(Free-text object descriptions)
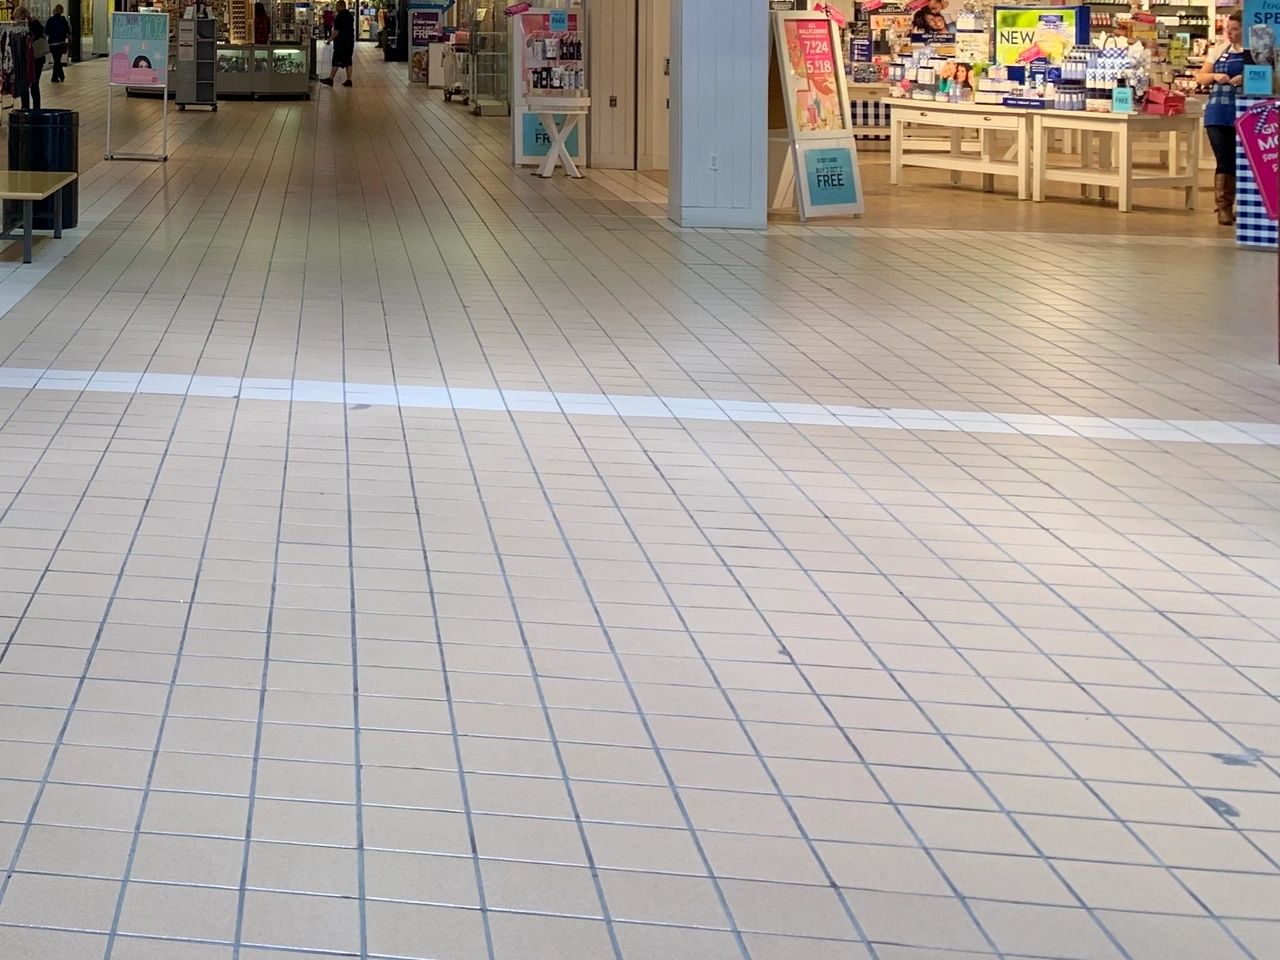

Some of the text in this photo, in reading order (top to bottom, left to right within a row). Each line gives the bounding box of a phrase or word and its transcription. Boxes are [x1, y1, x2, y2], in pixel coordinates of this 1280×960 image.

[1000, 31, 1035, 45] NEW
[803, 40, 811, 54] 7
[806, 60, 814, 74] 5
[816, 173, 845, 188] FREE

• **Exercise brief**
Once the pictures are removed, set down what remains of the entries above exactly.

• **Result for this exercise**
Some of the text in this photo, in reading order (top to bottom, left to right within a row). Each line gives the bounding box of a phrase or word and its transcription. Boxes are [x1, y1, x2, y2], in pixel coordinates of this 1280×960 image.

[1000, 31, 1035, 45] NEW
[803, 40, 811, 54] 7
[806, 60, 814, 74] 5
[816, 173, 845, 188] FREE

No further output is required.